Était-ce un agonisant qui se tenait debout, là, près de ce lit? La figure qui était devant moi n’était pas, ne pouvait pas être celle du souper! Ou, du moins, si je la reconnaissais vaguement, il me semblait que je ne l’avais vue, en réalité, qu’en ce moment-ci. Une seule réflexion me fera comprendre: l’abbé me donnait, humainement, la seconde sensation que, par une obscure correspondance, sa maison m’avait fait éprouver.

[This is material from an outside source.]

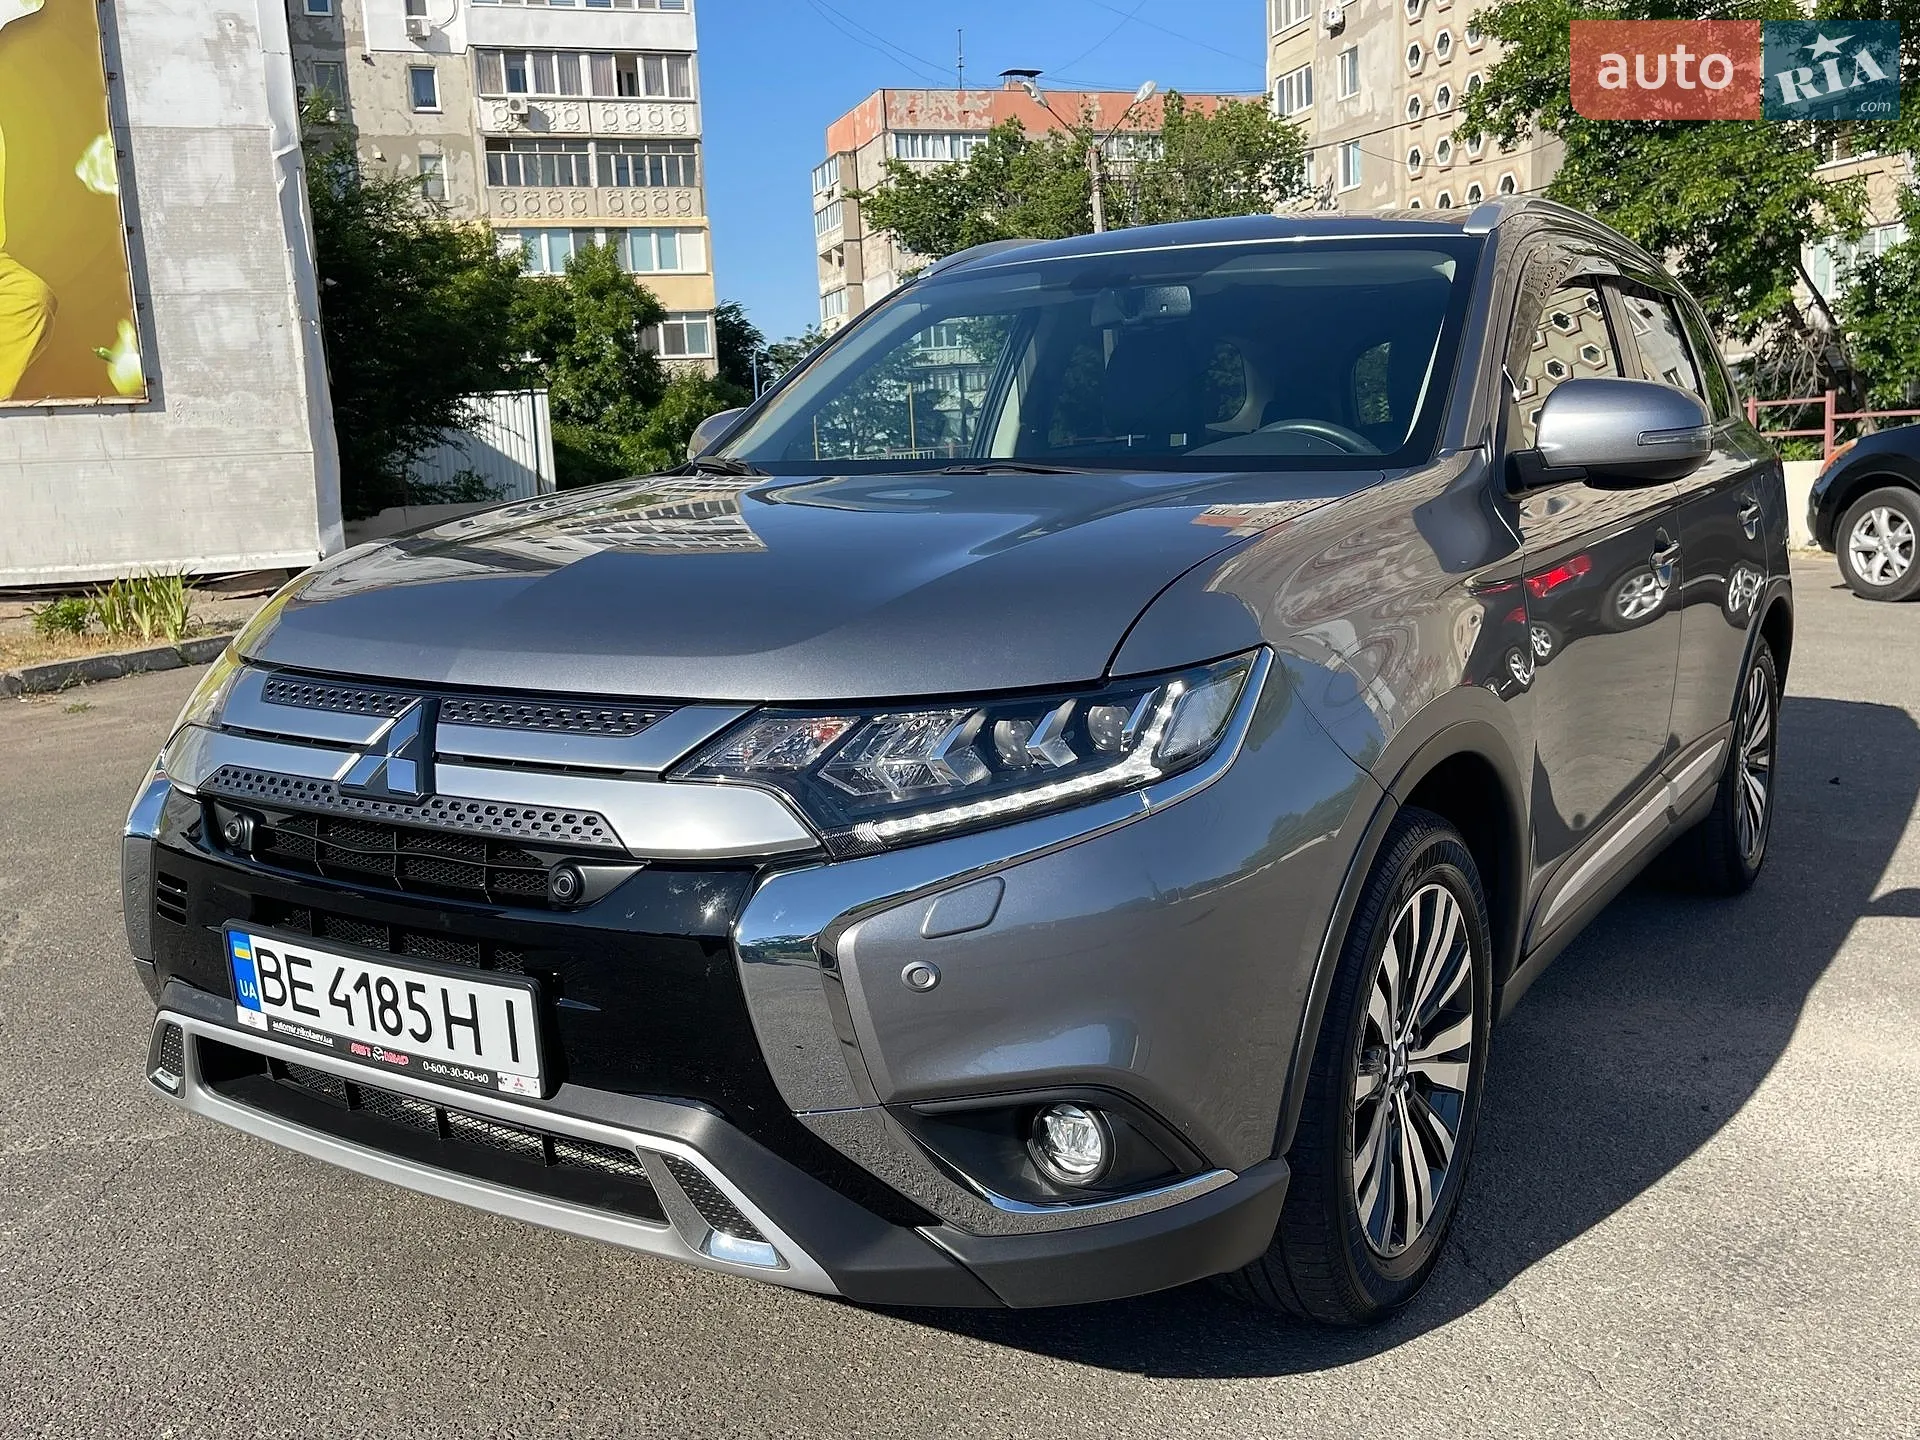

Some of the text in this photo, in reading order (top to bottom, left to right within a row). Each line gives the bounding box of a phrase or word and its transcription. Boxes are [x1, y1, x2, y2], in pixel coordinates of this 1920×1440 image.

[239, 979, 258, 1001] UA
[255, 947, 320, 1018] BE
[328, 967, 432, 1043] 4185

La tête que je contemplais était grave, très pâle, d’une pâleur de mort et les paupières étaient baissées. Avait-il oublié ma présence? Priait-il? Qu’avait-il donc à se tenir ainsi!—Sa personne s’était revêtue d’une solennité si soudaine que je fermai les yeux. Quand je les rouvris, après une seconde, le bon abbé était toujours là,—mais, je le reconnaissais maintenant!—A la bonne heure! Son sourire amical dissipait en moi toute inquiétude. L’impression n’avait pas duré le temps d’adresser une question. Ç’avait été un saisissement,—une sorte d’hallucination.

Maucombe me souhaita, une seconde fois, la bonne nuit et se retira.

Une fois seul:

—Un profond sommeil, voilà ce qu’il me faut! pensai-je.

Incontinent je songeai à la Mort; j’élevai mon âme à Dieu et je me mis au lit.

L’une des singularités d’une extrême fatigue est l’impossibilité du sommeil immédiat. Tous les chasseurs ont éprouvé ceci. C’est un point de notoriété.

Je m’attendais à dormir vite et profondément. J’avais fondé de grandes espérances sur une bonne nuit. Mais, au bout de dix minutes, je dus reconnaître que cette gêne nerveuse ne se décidait pas à s’engourdir. J’entendais des tic-tac, des craquements brefs du bois et des murs. Sans doute des horloges-de-mort. Chacun des bruits imperceptibles de la nuit se répondait, en tout mon être, par un coup électrique.

Les branches noires se heurtaient dans le vent, au jardin. A chaque instant, des brins de lierre frappaient ma vitre. J’avais, surtout, le sens de l’ouïe d’une acuité pareille à celle des gens qui meurent de faim.

—J’ai pris deux tasses de café, pensai-je: c’est cela!